In termini personali, questo fu il problema della Blixen. I racconti che in tarda età (come Sara partorisce Isacco) lei scrive (di qui il nome Isak che Karen si sceglie) sono la sua gaya scienza. Gaya è la tonalità di questa conoscenza (che è propriamente conoscenza del dolore della perdita: perdita, in ordine di importanza per lei, dell’Africa, dell’amante, del figlio mai nato, del marito), perché dopotutto Karen è della razza del conquistatori: dei politropoi, che astuti, versatili, maliziosi, troppo conoscono e hanno conosciuto per ripiegare verso li lamento, o la malinconia.
Con la Blixen è come se straordinariamente Ulisse si trasformasse In Omero; o forse è proprio questo il narratore? colui che avendo molto viaggiato e di molte cose avendo fatto esperienza, molte storie può raccontare? Questa metànoia del viaggiatore in narratore è precisamente ciò che accade alla Blixen; metànoia che ella celebra con il nuovo battesimo all’età di oltre quarant’anni. Nasce così nel 1934 Isak Blixen con durezza estrema, sì che pieni di lacrime furono piuttosto i suoi giorni; e Dinesen — il nome del padre (come lei scrittore e viaggiatore), di cui Karen fu la preferita e la prescelta — ne portò con coraggio in eredità almeno due castighi: l’inquietudine, e la sifilide.

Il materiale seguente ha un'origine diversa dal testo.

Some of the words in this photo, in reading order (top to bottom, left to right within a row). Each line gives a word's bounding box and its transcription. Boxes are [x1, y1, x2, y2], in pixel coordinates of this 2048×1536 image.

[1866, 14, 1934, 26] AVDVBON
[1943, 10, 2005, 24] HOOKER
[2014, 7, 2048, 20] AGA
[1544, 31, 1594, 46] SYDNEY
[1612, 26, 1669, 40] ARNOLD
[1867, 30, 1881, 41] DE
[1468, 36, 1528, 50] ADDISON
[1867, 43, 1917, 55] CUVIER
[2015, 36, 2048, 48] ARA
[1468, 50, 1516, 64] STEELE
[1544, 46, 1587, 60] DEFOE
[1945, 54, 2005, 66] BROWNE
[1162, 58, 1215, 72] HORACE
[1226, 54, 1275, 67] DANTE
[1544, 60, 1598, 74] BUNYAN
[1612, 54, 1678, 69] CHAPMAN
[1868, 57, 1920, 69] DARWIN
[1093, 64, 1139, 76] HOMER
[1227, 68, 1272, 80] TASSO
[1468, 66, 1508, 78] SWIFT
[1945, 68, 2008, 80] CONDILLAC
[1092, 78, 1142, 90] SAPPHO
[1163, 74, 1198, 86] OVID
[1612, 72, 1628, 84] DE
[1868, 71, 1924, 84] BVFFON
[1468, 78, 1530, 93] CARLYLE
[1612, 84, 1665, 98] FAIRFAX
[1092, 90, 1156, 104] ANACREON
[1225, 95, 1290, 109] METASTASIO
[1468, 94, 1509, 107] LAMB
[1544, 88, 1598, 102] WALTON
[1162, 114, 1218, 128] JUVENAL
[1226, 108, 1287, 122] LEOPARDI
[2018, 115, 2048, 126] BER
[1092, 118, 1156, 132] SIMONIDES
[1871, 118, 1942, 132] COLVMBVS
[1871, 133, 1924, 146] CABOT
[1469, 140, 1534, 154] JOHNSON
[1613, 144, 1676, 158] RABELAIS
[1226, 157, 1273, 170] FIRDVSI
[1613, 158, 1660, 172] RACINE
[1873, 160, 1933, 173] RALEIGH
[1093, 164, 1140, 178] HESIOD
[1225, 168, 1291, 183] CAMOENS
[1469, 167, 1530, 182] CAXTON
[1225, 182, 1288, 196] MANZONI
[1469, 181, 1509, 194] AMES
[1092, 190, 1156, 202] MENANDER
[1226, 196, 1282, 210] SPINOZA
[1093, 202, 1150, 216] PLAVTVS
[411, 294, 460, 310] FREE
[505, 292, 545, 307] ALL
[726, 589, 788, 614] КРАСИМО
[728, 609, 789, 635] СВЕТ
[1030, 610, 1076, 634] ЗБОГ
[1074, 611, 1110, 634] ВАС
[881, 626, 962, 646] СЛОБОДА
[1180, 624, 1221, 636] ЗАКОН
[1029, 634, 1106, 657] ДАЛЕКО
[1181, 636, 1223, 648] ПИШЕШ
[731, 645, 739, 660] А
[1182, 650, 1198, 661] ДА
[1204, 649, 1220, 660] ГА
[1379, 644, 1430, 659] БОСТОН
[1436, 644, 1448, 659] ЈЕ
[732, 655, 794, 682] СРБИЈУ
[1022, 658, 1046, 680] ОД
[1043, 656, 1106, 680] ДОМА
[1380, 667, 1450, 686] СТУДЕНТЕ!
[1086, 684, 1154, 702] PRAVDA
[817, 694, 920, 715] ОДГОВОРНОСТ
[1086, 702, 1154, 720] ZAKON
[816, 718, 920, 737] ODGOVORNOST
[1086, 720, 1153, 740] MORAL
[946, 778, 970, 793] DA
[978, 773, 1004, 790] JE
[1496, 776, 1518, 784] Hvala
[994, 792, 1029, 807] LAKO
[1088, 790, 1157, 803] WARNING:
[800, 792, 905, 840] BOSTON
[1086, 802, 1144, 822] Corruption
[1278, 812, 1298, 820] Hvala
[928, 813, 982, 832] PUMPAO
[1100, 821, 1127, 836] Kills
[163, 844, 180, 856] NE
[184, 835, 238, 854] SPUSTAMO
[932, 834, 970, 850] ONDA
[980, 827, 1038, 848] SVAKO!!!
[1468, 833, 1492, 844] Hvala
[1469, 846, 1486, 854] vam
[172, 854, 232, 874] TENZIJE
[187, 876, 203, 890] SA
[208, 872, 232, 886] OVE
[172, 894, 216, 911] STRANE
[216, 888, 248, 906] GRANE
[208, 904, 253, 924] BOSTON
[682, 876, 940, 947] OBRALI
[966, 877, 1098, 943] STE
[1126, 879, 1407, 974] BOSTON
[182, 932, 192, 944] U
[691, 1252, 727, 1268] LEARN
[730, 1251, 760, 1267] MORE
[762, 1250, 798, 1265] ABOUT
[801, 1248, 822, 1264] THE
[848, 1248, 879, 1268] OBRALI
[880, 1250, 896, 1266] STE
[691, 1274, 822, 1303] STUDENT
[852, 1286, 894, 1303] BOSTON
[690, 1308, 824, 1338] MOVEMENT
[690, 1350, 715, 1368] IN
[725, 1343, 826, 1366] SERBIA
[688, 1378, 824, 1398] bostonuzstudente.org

Non che nel suoi racconti, naturalmente, Isak Dinesen parli della vita di Karen Blixen: non ci si potrebbe immaginare niente di più irrealistico di più inattuale dei romantici scherzi e capricci che alla narratrice piace inventare: niente di più stravagante. Semplicemente, in queste storie, nel loro ricercato disegno, sempre si ritaglia ciò che potremmo chiamare l’essenziale di quella vita.

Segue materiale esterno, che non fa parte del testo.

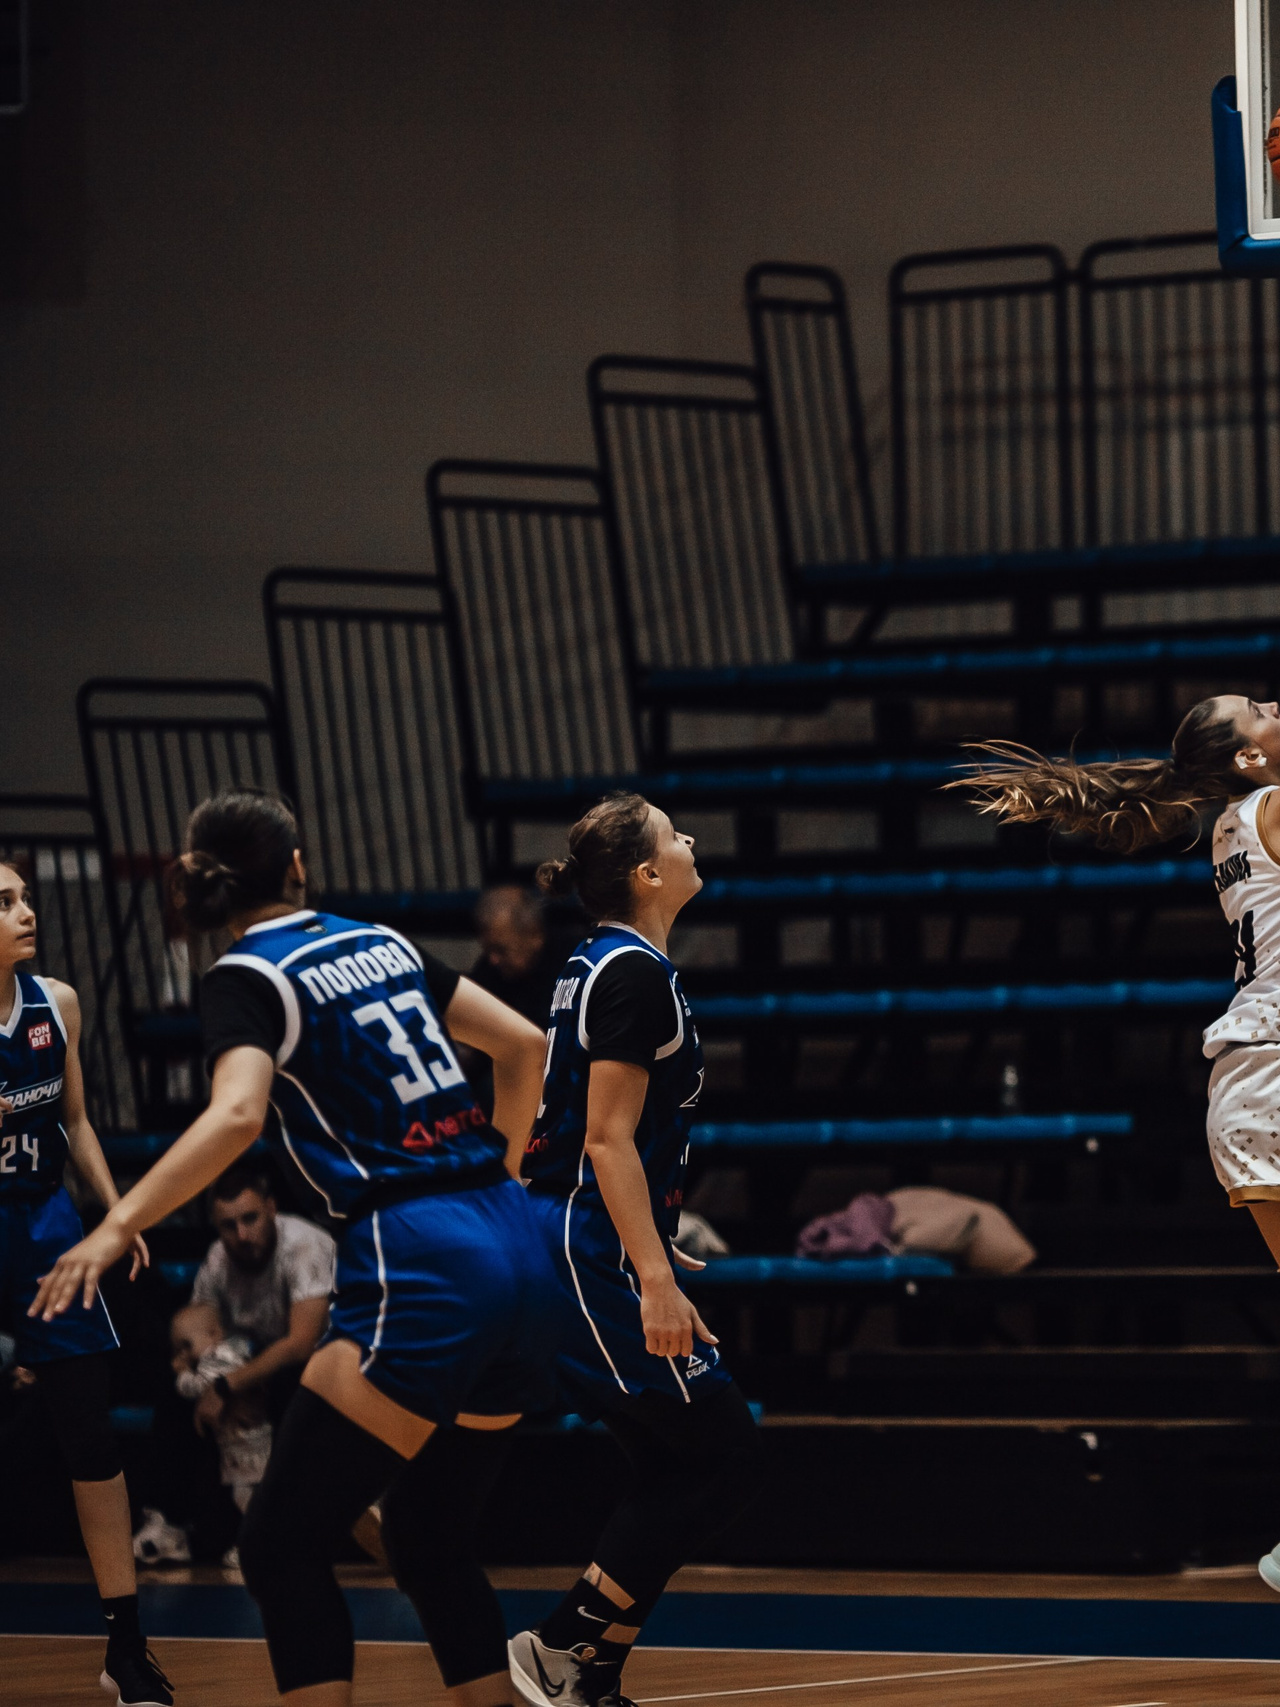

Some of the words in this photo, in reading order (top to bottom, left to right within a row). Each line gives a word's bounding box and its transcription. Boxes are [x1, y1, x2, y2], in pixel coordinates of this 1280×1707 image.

[297, 941, 419, 1006] ПОПОВА
[28, 1024, 50, 1039] FON
[31, 1034, 52, 1049] BET
[351, 988, 468, 1105] 33
[0, 1133, 39, 1174] 24
[685, 1361, 711, 1380] PEAK

L’essenziale per Karen Blixen (è questo il racconto che ella affida, come Amleto morente la sua dying voice a Orazio, a Isak Dinesen di tramandare) è che ogni vita è fatta dagli ostacoli che incontra, da come una vita si dispone a scavalcare, aggirare, o soccombere di fronte all’opaca resistenza del reale. È così che un’esistenza si costruisce, e costruendosi fila un tessuto, o testo — le cui maglie sono le parole che diamo ai movimenti che facciamo per aggiustarci, o rifiutarci alla vita stessa, al suo gioco crudele: crudele semplicemente perché in mano a un altro — che non conosciamo, malgrado a volte tentiamo di familiarizzarlo attraverso dei nomi.

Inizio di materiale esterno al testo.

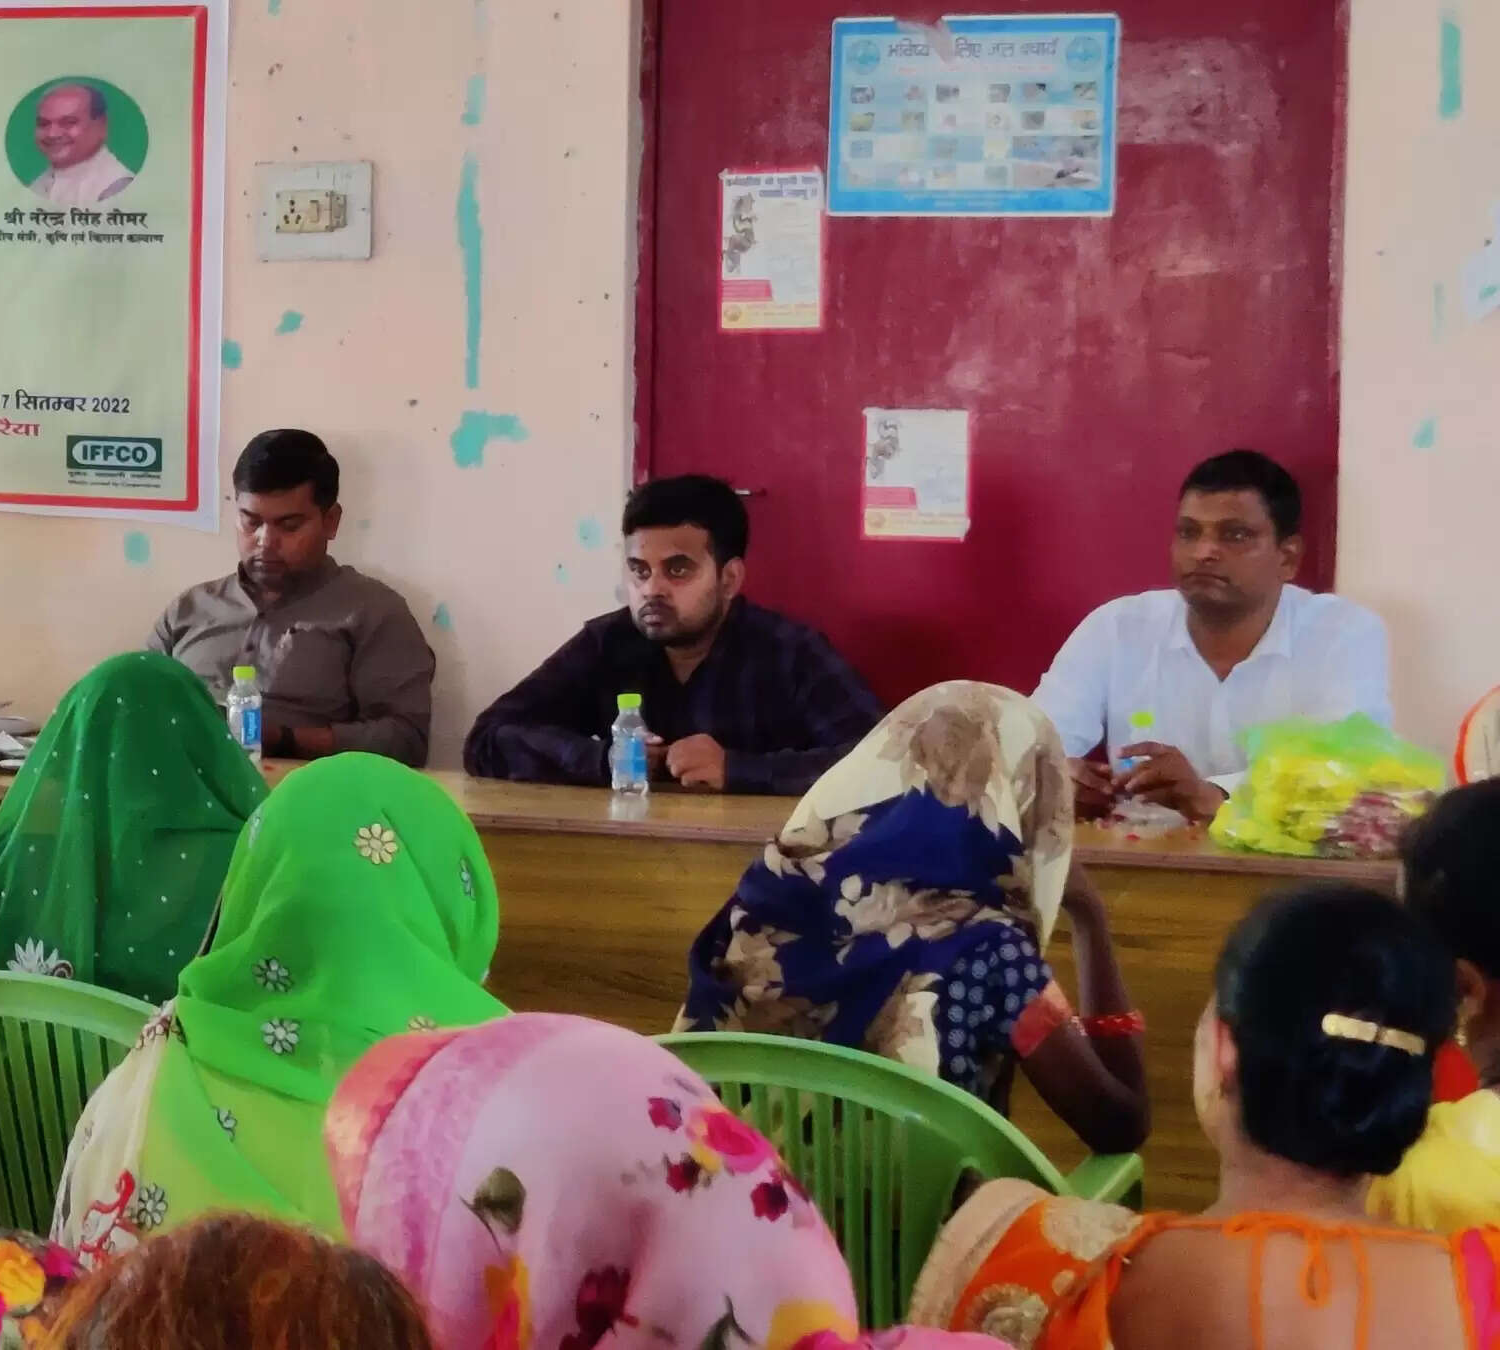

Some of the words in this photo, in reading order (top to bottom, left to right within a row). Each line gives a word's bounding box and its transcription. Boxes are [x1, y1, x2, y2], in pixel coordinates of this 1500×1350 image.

[4, 207, 25, 225] श्री
[70, 207, 102, 226] सिंह
[107, 208, 148, 227] तोमर
[15, 389, 87, 413] सितम्बर
[92, 397, 131, 414] 2022
[82, 443, 148, 464] IFFCO

Con una consapevolezza tuttavia, che il nostro virtuosismo non è infinito: che non tutto possiamo aggirare, e superare, come il versatile Ulisse: perché in verità (la storia della vita di Karen Blixen lo dimostra), una vita è segnata anche da ciò a cui non può rinunciare.
La storia che Judith Thurman in tale dettaglio, con tale intelligenza, e in modo così esauriente, ci racconta ci porta a capire fin qui (ed è molto): che il segreto agente, l’oscuro motore che mette in moto e agisce la vita della Blixen — la forza che la fa essere quella vita li, assolutamente unica, singolare, irripetibile — è da cercare precisamente in ciò da cui questa vita non si è saputo staccare.
Del suo corpo Karen Blixen, vivendo, ha potuto rifare quasi tutto; in certo senso, ogni vita assomma a questa manipolazione, alla creazione di un corpo artificiale, fittizio; tanto lontano dal corpo naturale quanto il nostro personale vituosismo o arte può concedere. Ciò che non riusciremo mai a rifare tuttavia, forse è precisamente questo il tratto puro che determina lo stile o il portamento di una vita.

Io nella Blixen identifico questo punto ombelicale nel tratto anoressico: che è il modo di colei a cui fanno questione due atti fondamentali alla vita, l’introiezione e l’assimilazione, assommati in quel gesto, per lei pericoloso oltre ogni dire, del nutrimento. Sì che intorno alla negazione di questi atti «naturali, e «bassi», la Blixen elabora (leggere la Thurman per credere) le sofisticate procedure del suo stile di vita; quegli elaborati rituali di difesa, che la difendono essenzialmente da una incapacità a rinunciare un ideale: che la vita sia tutta conquista, e non abbia a che fare con la rinuncia e con la perdita.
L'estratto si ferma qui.